In particular, she cited Gillard’s assertion during the four-day hearing that he owned a majority stake in the horse, a claim he later withdrew. She called it a “bizarre” intervention designed to undermine the BHA’s cause, shift the blame from himself, and “show that he knows much better than others.”

While the BHA would be satisfied that it had established a violation of D1, the panel did not accept its assertion that Gillard’s actions amounted to negligence. The coach benefited from an emotional defense by Roderick Moore, who said, “Given the intensity of the constant care, finding negligence would be nothing less than an aberration. The word just doesn’t fit.”

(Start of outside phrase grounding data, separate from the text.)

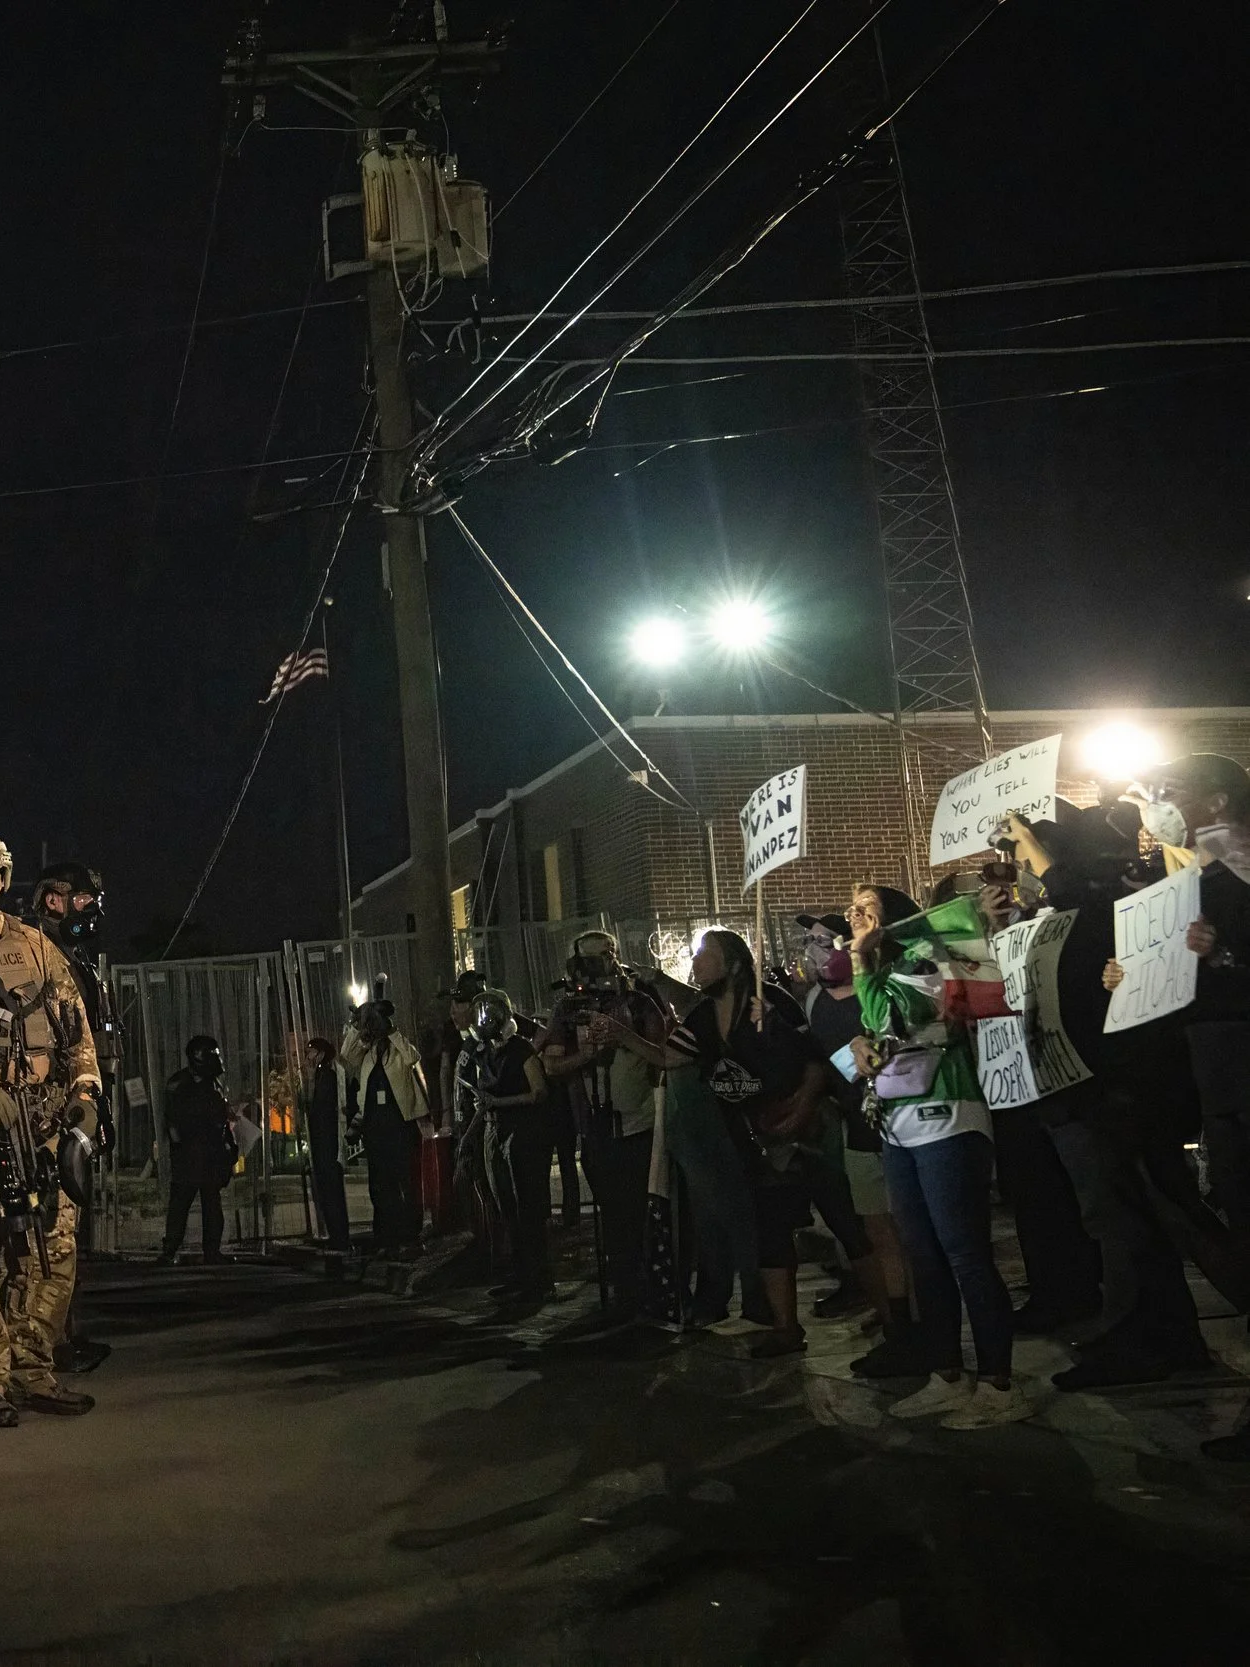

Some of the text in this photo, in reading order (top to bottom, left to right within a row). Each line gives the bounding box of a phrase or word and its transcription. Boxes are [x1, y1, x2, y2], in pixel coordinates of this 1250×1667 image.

[778, 769, 798, 790] IS
[947, 745, 1047, 796] WHAT LIES WILL
[952, 777, 1028, 817] YOU TELL
[940, 827, 968, 849] YOUR
[1008, 924, 1035, 962] THAT
[1118, 891, 1164, 961] ICE
[1005, 972, 1020, 1004] EEL

Regarding Gillard’s decision to treat a No Tonic instead of calling a vet, Moore said, “There is no evidence that anyone would have physically done something different than what was done.”

No No Tonic made a full recovery in time to race nine months later and then had her first success in the spring. Gillard says she’s back in training and about to run.

“It’s all about the great team we have here, which has put her back in full shape,” the coach said. “I can’t thank them enough and I’ve come out to tell them now: We haven’t lost our license, you all have jobs and you can pay the mortgage.

“We’re behind luxury in racing, 100 per cent. This seemed like a test case for the BHA to figure out how the welfare department works and maybe we all need to learn the lessons.”